(Collected data)

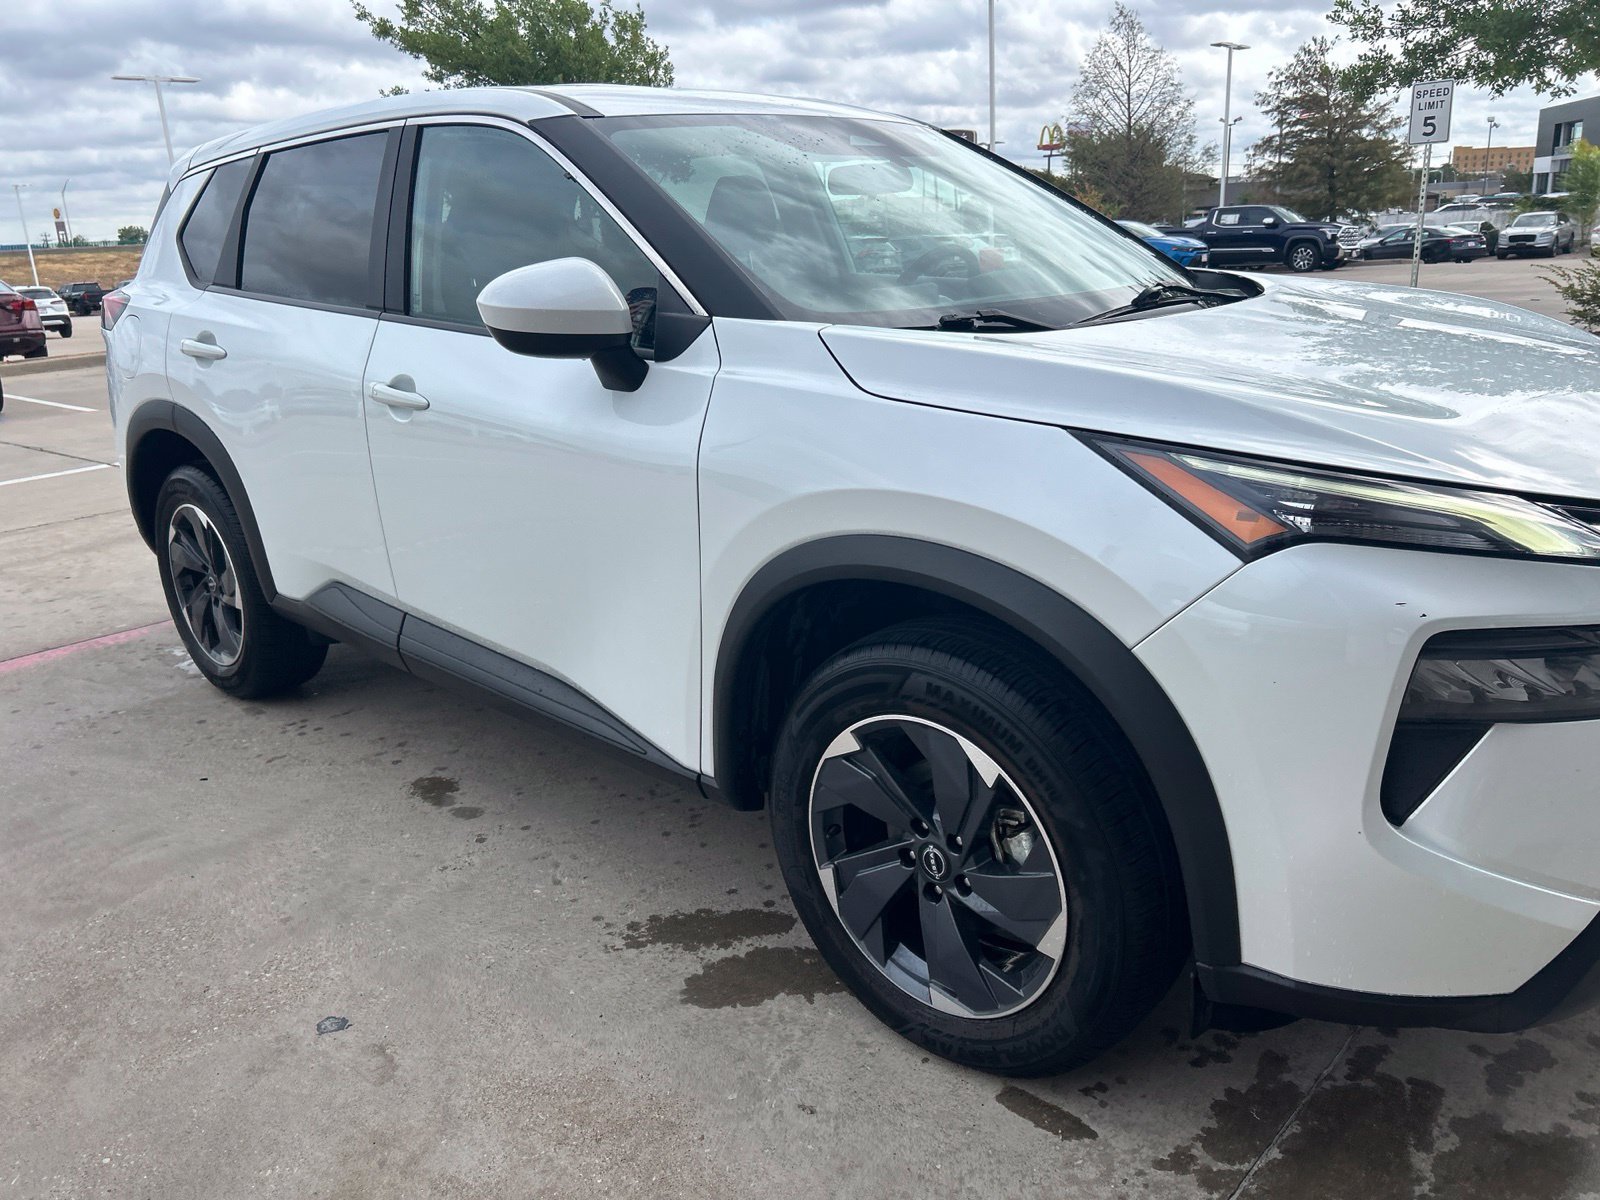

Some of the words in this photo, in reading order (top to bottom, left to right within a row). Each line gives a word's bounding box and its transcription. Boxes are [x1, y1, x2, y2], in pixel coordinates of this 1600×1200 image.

[1416, 87, 1450, 99] SPEED
[1418, 100, 1446, 111] LIMIT
[1422, 115, 1437, 137] 5
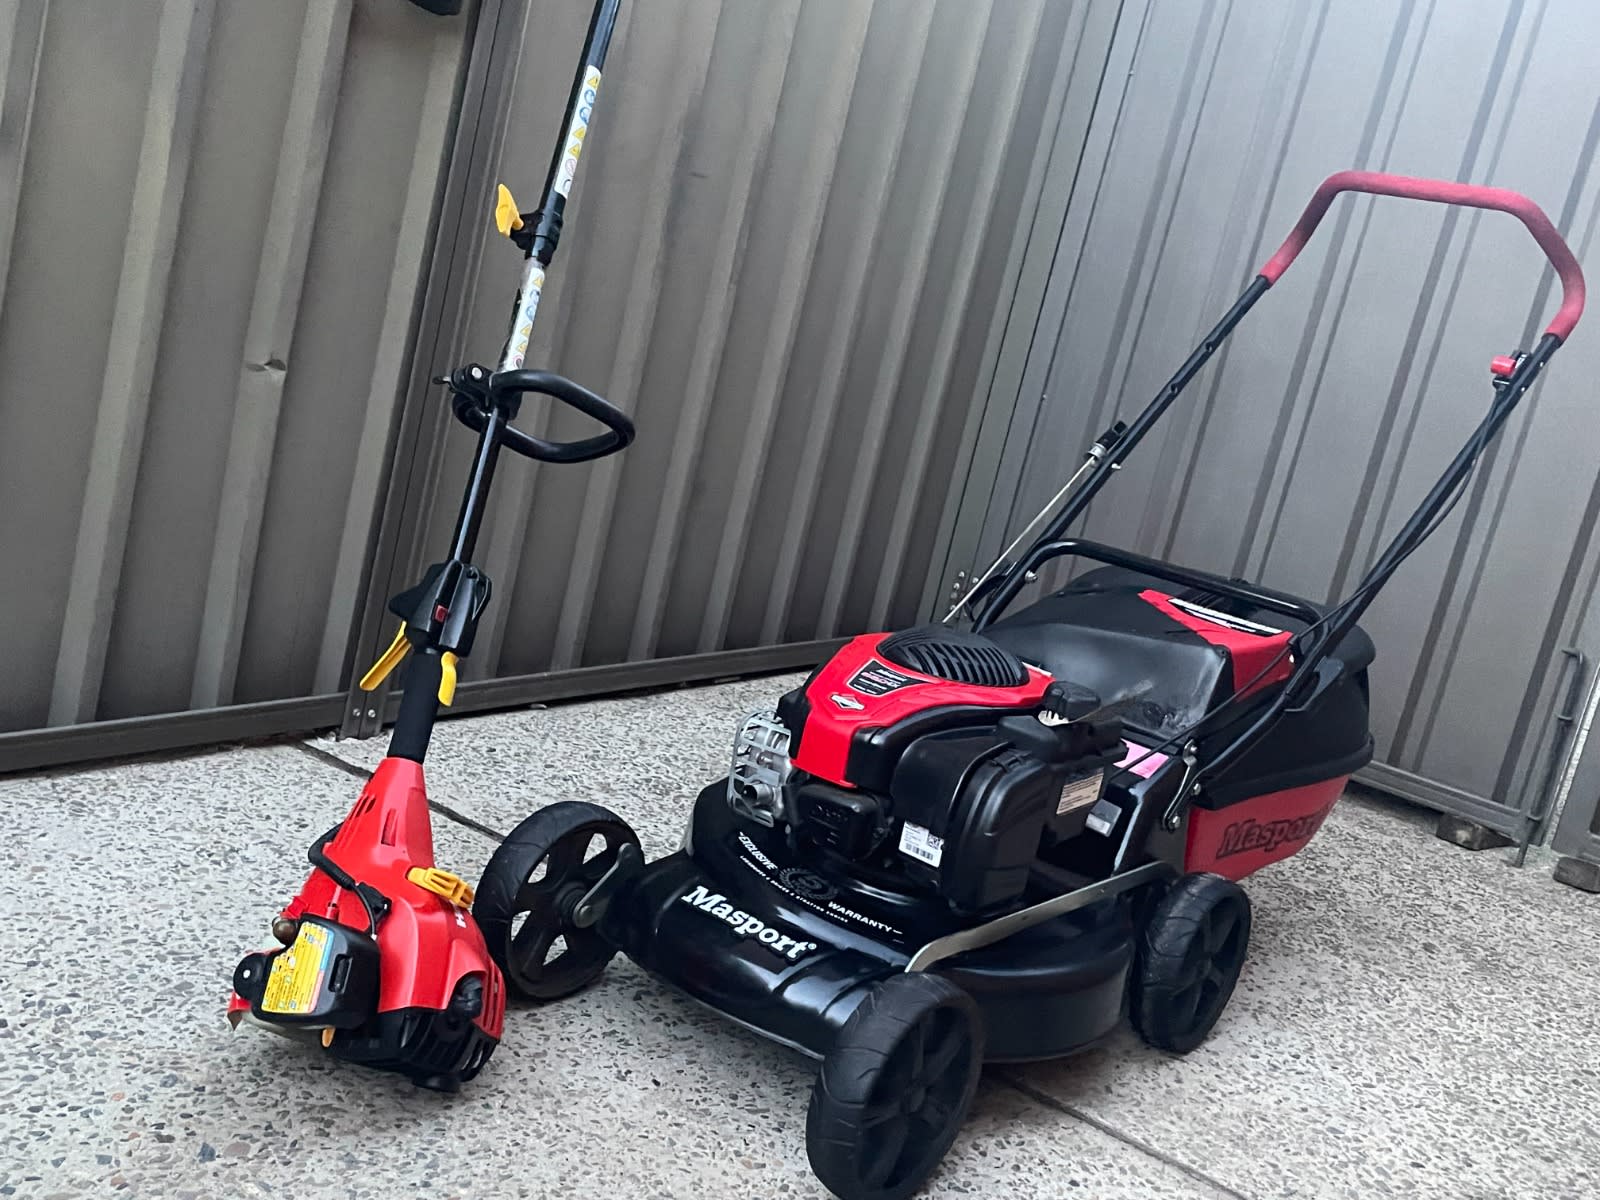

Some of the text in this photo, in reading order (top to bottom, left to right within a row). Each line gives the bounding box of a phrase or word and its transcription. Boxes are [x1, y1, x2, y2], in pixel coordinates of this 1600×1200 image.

Work order →
Please output all of the entries exactly as they appear, with no pictures.

Finished exercise →
Some of the words in this photo, in reading order (top to bottom, left to right within a row). Each line gives a word's bounding box and its transcription. Boxes are [x1, y1, x2, y2], in pixel coordinates of this 1600×1200 image.

[1416, 87, 1450, 99] SPEED
[1418, 100, 1446, 111] LIMIT
[1422, 115, 1437, 137] 5

Some of the text in this photo, in reading order (top to bottom, left to right within a row). Each line gives the bounding box of a phrase or word and its transcription. Boxes are [x1, y1, x2, y2], in pixel coordinates of this 1600×1200 image.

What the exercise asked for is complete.